▶ **Directions**:
Skip the pictures and repeat each line of the data exactly.

★ ★ ★ ★

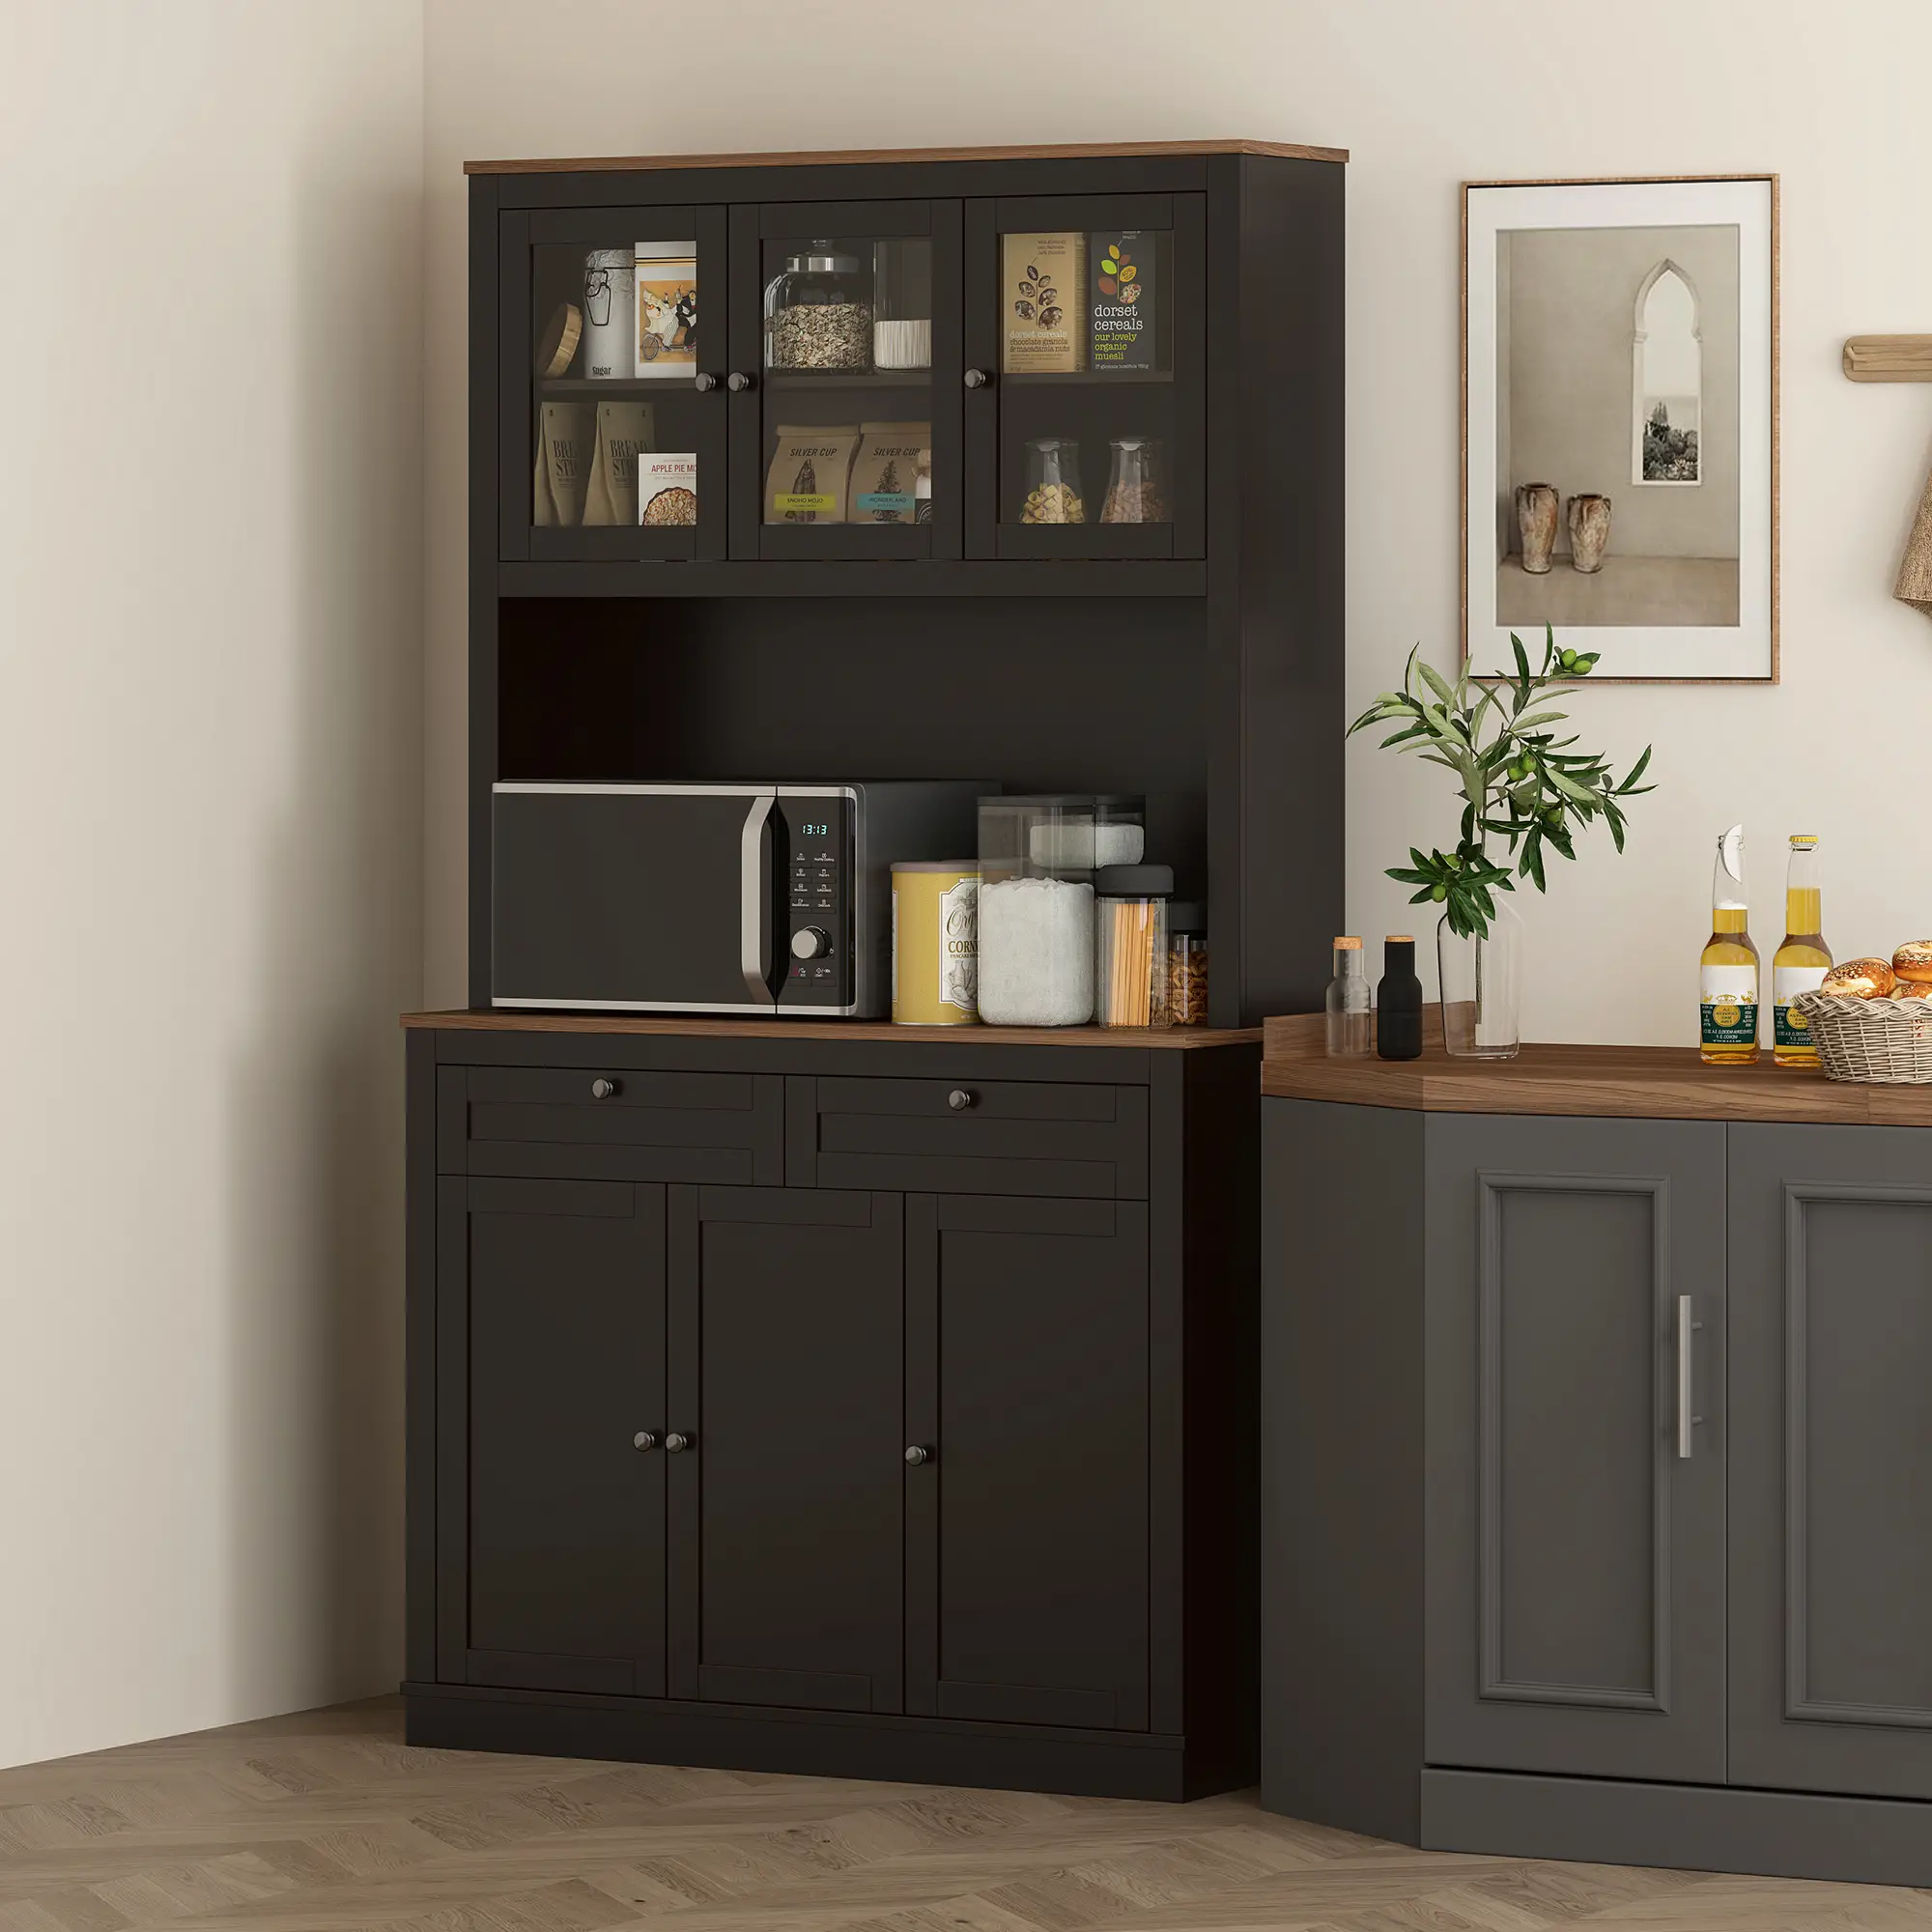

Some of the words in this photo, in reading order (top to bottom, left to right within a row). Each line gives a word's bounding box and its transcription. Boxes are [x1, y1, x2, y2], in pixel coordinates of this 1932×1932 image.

[1094, 304, 1138, 317] dorset
[1094, 318, 1143, 330] cereals
[1037, 329, 1067, 338] cereals
[1112, 332, 1137, 342] lovely
[1043, 338, 1068, 347] granola
[1094, 342, 1127, 352] organic
[1094, 352, 1123, 360] muesli
[592, 366, 611, 376] Sugar
[789, 448, 818, 457] SILVER
[819, 448, 838, 457] CUP
[873, 447, 901, 457] SILVER
[902, 447, 921, 457] CUP
[651, 464, 673, 473] APPLE
[674, 464, 685, 473] PIE
[802, 824, 828, 836] 13:13

★ ★ ★ ★

▶ **Exercise answer**:
Some of the words in this photo, in reading order (top to bottom, left to right within a row). Each line gives a word's bounding box and its transcription. Boxes are [x1, y1, x2, y2], in pixel coordinates of this 1932×1932 image.

[1094, 304, 1138, 317] dorset
[1094, 318, 1143, 330] cereals
[1037, 329, 1067, 338] cereals
[1112, 332, 1137, 342] lovely
[1043, 338, 1068, 347] granola
[1094, 342, 1127, 352] organic
[1094, 352, 1123, 360] muesli
[592, 366, 611, 376] Sugar
[789, 448, 818, 457] SILVER
[819, 448, 838, 457] CUP
[873, 447, 901, 457] SILVER
[902, 447, 921, 457] CUP
[651, 464, 673, 473] APPLE
[674, 464, 685, 473] PIE
[802, 824, 828, 836] 13:13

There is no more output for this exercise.